Learn the ins and outs of competitive intelligence analysis, from how to gather information to what to do with that data once it's in your hands.

What do you know about your competitor's GTM (go-to-market) strategies?

Sure, you know how they position themselves competitively and what they charge (assuming they don’t hide that behind a sales demo).

But beyond that?

Do you know, for example, what plans they have for expansion? What features are in the product development pipeline? How about what they say about your product in the sales arena?

Probably not.

That’s what competitive intelligence analysis is all about. In this article, we’ll discuss the ins and outs of competitive intelligence, from how to gather information to what to do with it once you’ve got it.

Understanding your competitors: What is competitive intelligence analysis? 

Competitive intelligence is pretty simple to understand. It's information about what your competitors are up to.

This includes customer-facing information (like their pricing model), stuff that goes on behind the scenes (like how they negotiate with clients), and strategic business developments (funding announcements, for example).

Competitive intelligence analysis is about reviewing and analyzing this data and pulling out key insights.

There’s a final step here: deciding what action to take.

For example, as you analyze the pricing landscape, you will see that your offer is no longer competitive. Maybe the target market has become more saturated, and prices are dropping.

What you do in response to this is essential.

Competitive intel tools like Ignition help automate the data capture process and information analysis using AI.

Ignition Competitive Intelligence Analysis

They allow you to:

  • Cut costs on competitive research
  • Surface key insights quickly
  • Be more agile and act rapidly to market changes 

But there’s more than one kind of competitive intel.

Strategic vs tactical competitive intelligence 

Competitive intelligence is often divided into two categories:

  • Strategic competitive intelligence 
  • Tactical competitive intelligence

Strategic intelligence is focused on long-term goals and actions. It helps inform your company’s broad direction.

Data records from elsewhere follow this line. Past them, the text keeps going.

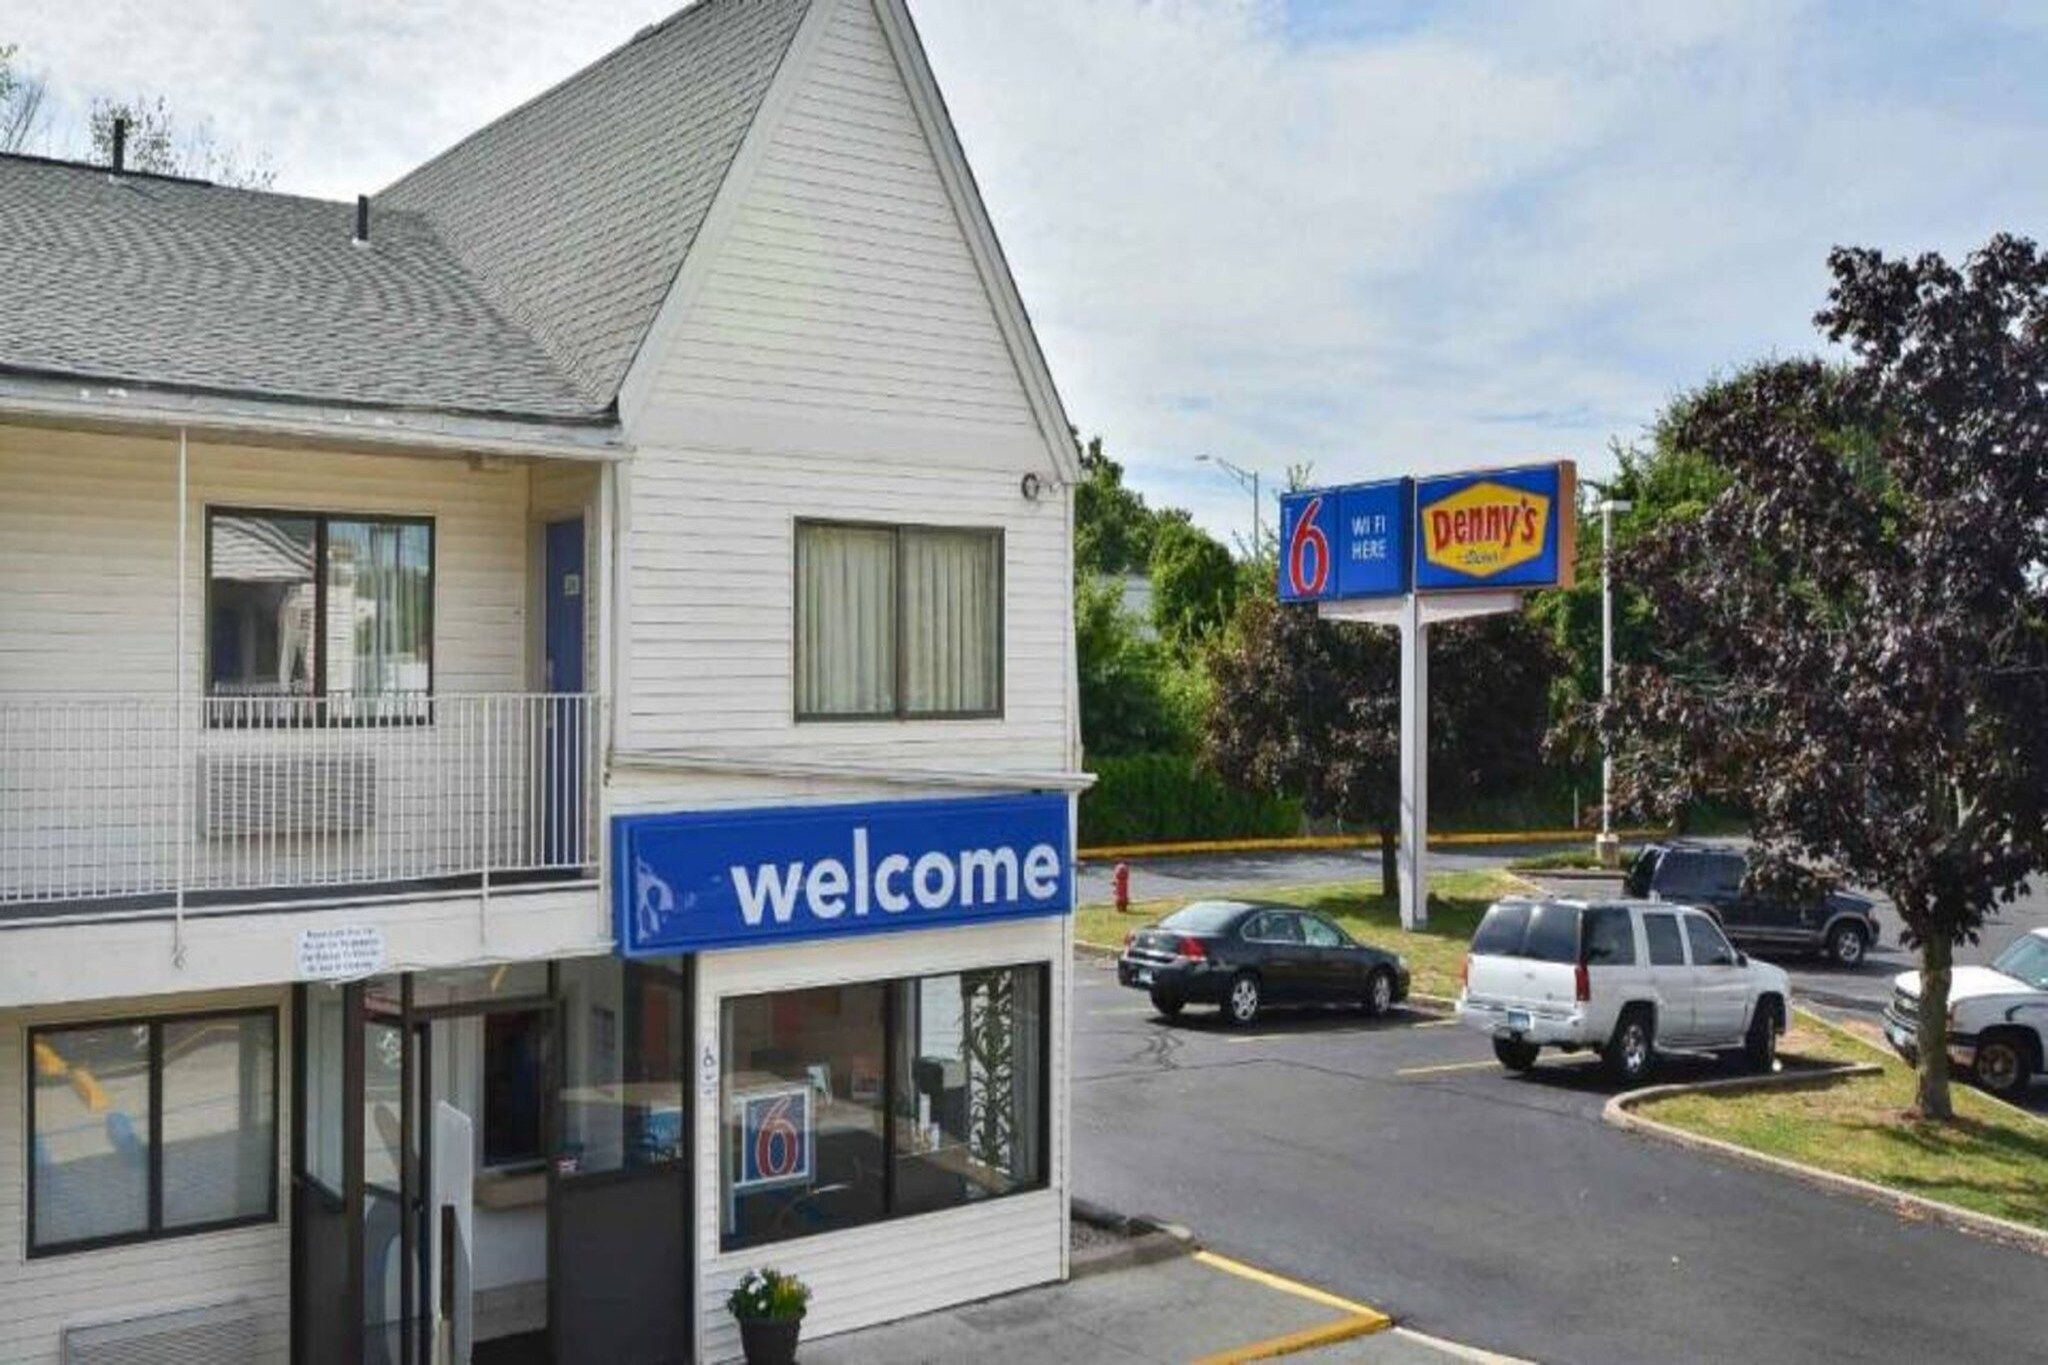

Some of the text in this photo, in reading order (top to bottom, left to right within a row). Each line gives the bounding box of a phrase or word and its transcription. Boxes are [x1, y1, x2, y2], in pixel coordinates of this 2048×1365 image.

[1288, 497, 1329, 596] 6
[1351, 539, 1386, 560] HERE
[1432, 498, 1537, 550] Denny's
[731, 827, 1059, 925] welcome
[755, 1095, 798, 1178] 6
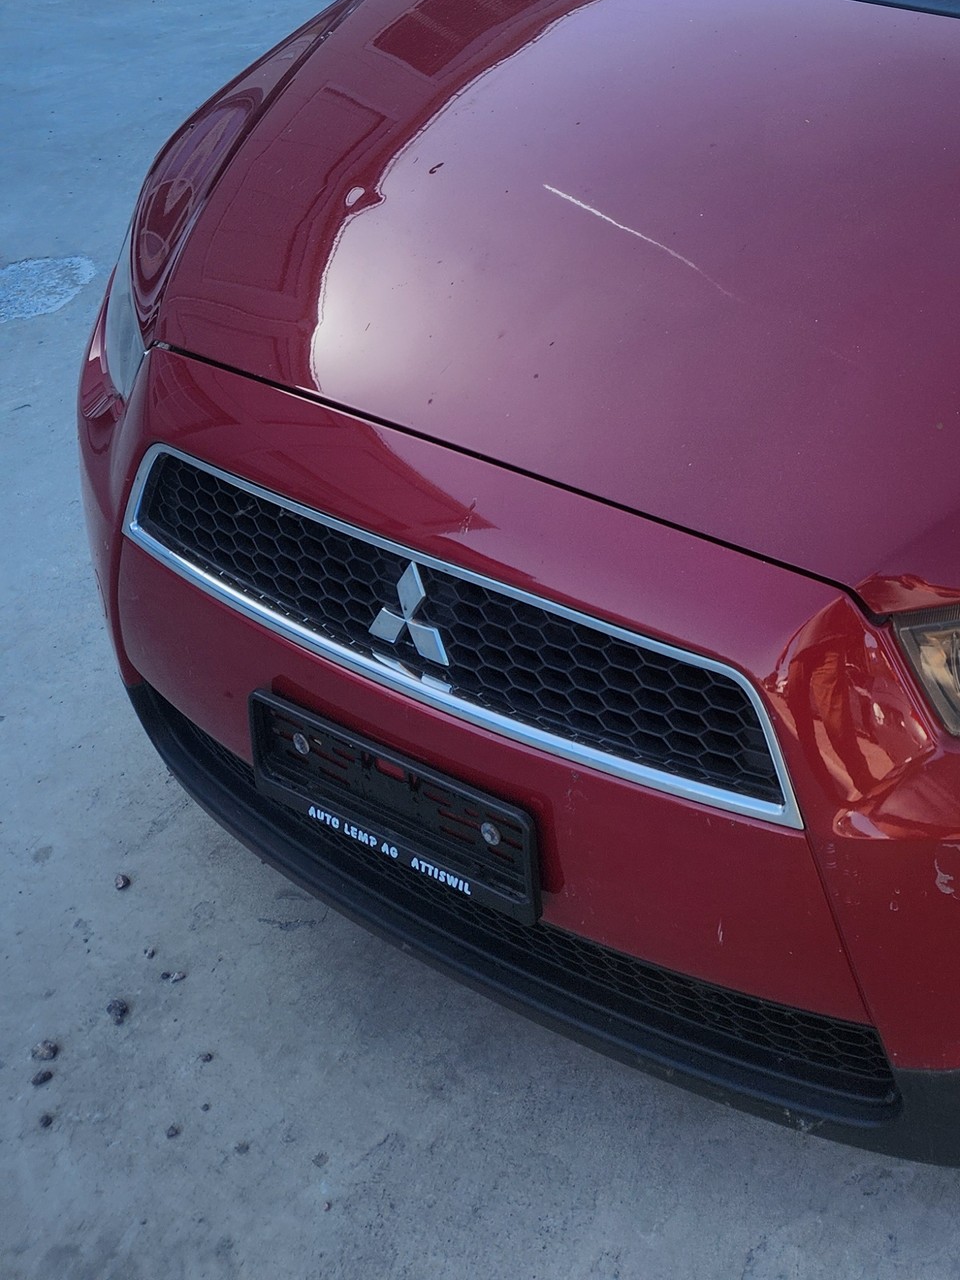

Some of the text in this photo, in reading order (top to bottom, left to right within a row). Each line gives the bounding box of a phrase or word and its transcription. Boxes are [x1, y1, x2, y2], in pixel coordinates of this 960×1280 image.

For instance, understanding how competitors are developing products and their long-term roadmaps can help you remain competitive in the future.

Tactical intelligence is more short-term. It's more agile, looks at real-time information, and is designed to help your company respond to more immediate and pressing opportunities or threats.

For example, knowing that a competitor has recently sunsetted a given feature or stopped investing in it due to a recent acquisition can be an opportunity for altering your product positioning to focus on a feature you offer but they don’t.

Here, you might double down on your marketing messaging related to how this feature helps your target audience in a practical scenario.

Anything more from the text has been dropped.